The lecture hall glowed with shifting blue light. Rows of transparent holo-screens hovered above each desk, their surfaces filled with scrolling code and diagrams. Lines of quantum algorithms danced across the air as the lecturer's voice boomed from invisible speakers.

"Remember, class, efficiency in neural networks is not just about speed. It's about stability, predictability. Code that shifts or mutates without cause is corrupted. And corruption spreads."

Dave sat stiffly, his eyes locked on his own holo-screen. His classmates typed steadily, their fingers brushing against projected keys, each motion registered by the learning system. Shen was beside him, leaning casually into his chair, already a dozen lines ahead of the exercise.

But Dave wasn't keeping up.

At first, the screen showed neat blocks of Python - clean, logical, expected. Then, without warning, the words rippled like water disturbed by an unseen hand. Letters elongated, bent, and re-formed into jagged characters he didn't recognize. Not ASCII. Not Unicode. Something older, something alive.

Erim Afoo.

The phrase repeated itself across the screen, replicated into columns, until the neat code exercise was gone. Every line glared at him with impossible symbols.

Dave's pulse quickened. His fingers hovered over the controls, but he didn't dare touch them. His skin prickled as if someone were breathing down his neck. He swallowed, hearing the words whisper in his mind, louder and louder—

Erim Afoo.

A sharp nudge broke the spell.

"Bro. What's that?" Shen's voice was laced with concern. He leaned closer, frowning at Dave's screen.

Dave blinked. In an instant, the strange words vanished. The code had reset, neat as ever, like nothing had happened. The cursor blinked innocently.

"What's what?" Dave forced a weak laugh, trying to sound normal.

Shen squinted. "You zoned out. And your screen glitched. Looked like… I don't even know, some alien alphabet. You didn't see that?"

"No." Dave shook his head too quickly. His throat was dry. "Must've been your display lagging. Happens sometimes."

Shen eyed him for a second longer, then shrugged. "If you say so."

But the suspicion didn't leave his face.

Dave exhaled slowly, his hand brushing against the necklace under his shirt. Orla burned faintly against his chest, warm like a living ember.

The professor's voice echoed through the hall again, reminding students to upload their work. Screens shifted, and the glow dimmed. The class was dismissed.

Shen stretched, yawning loudly. "Man, I need caffeine. You coming?"

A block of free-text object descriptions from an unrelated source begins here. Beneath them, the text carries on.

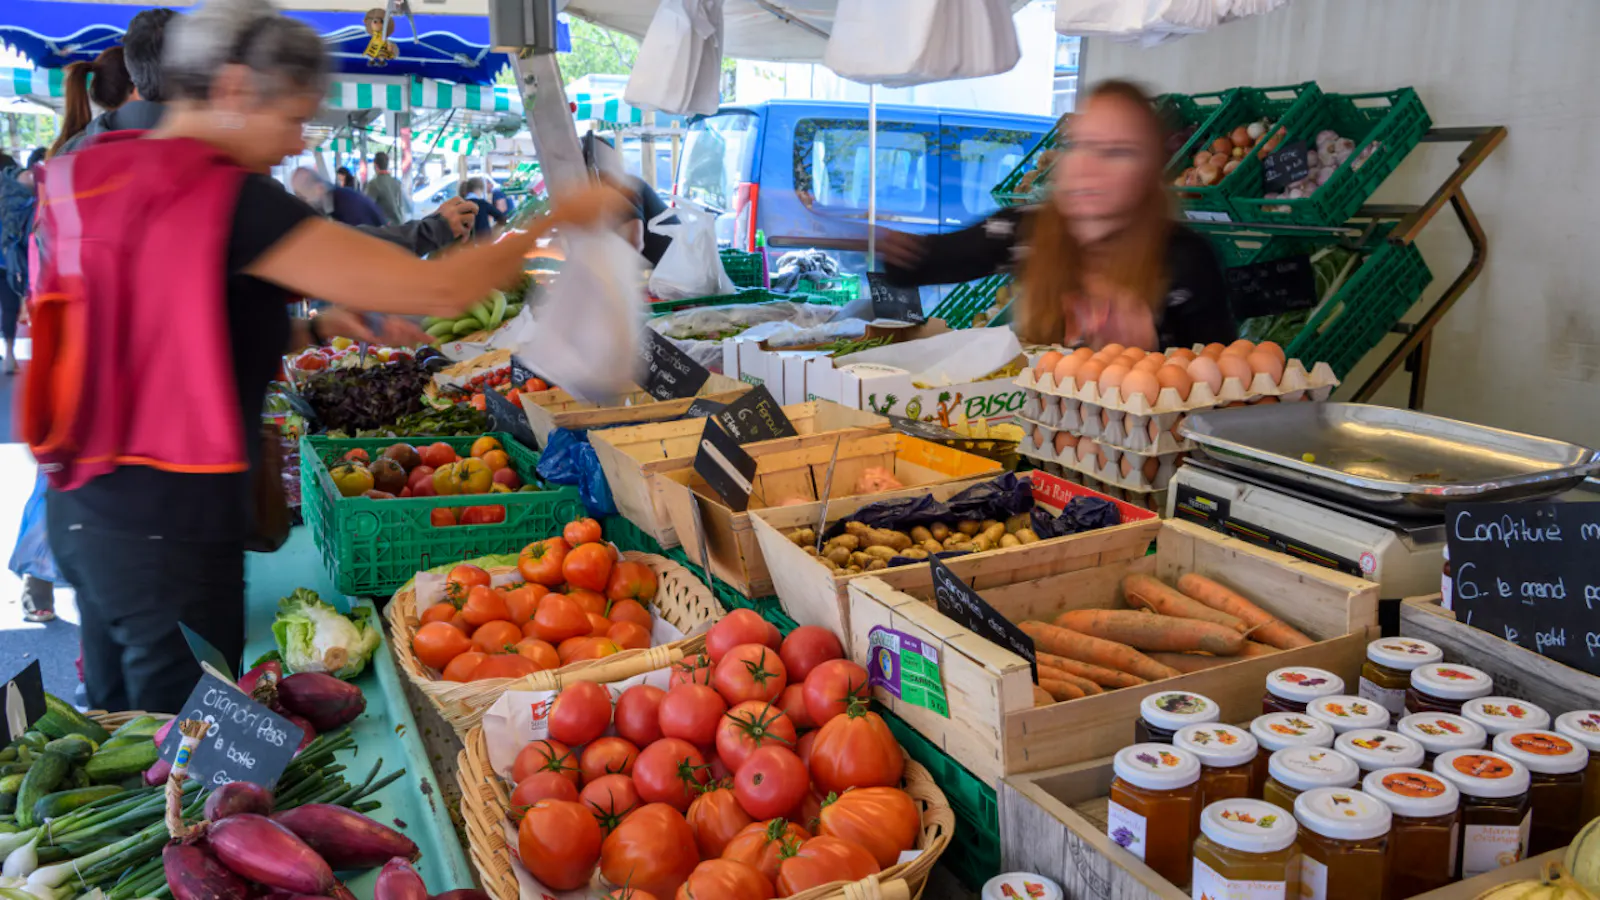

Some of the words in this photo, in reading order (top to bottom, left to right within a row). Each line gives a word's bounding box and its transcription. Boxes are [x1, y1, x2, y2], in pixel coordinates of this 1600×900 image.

[964, 391, 1026, 419] BISC
[1039, 478, 1050, 496] La
[1053, 483, 1073, 503] Ratt
[1497, 577, 1513, 597] le
[1520, 577, 1566, 605] grand
[1535, 627, 1567, 653] petit
[226, 741, 256, 769] botte

Dave nodded, grateful for the excuse to move.

---

The university café was alive with chatter. Students lounged in pods and booths, some with augmented visors strapped over their eyes, others speaking to hovering AI assistants. Outside, maglev pods zoomed along their rails, neon trails slicing the midday sky.

Shen ordered two cups of steaming cafbrews and slid one across the table to Dave.

"Alright, spill," Shen said, folding his arms. His tone wasn't playful now. "You've been weird for weeks. Half the time you look like you're sleepwalking. And now you're pulling nightmare code in class? What's going on with you?"

Dave stared at his cup. Steam curled upward, twisting like shadowy fingers. He hesitated.

Could he really explain Igwe-ka-Ala? The construct? The sprites and dragons? The way the line between dream and reality was dissolving?

No. Shen would laugh. Or worse, he'd think Dave had lost it.

"I'm just tired," Dave muttered. "Bad dreams. They… follow me into the day sometimes. That's all."

Shen sipped his drink, unimpressed. "Nightmares don't write themselves into your code."

Dave froze. The words stabbed deeper than Shen realized.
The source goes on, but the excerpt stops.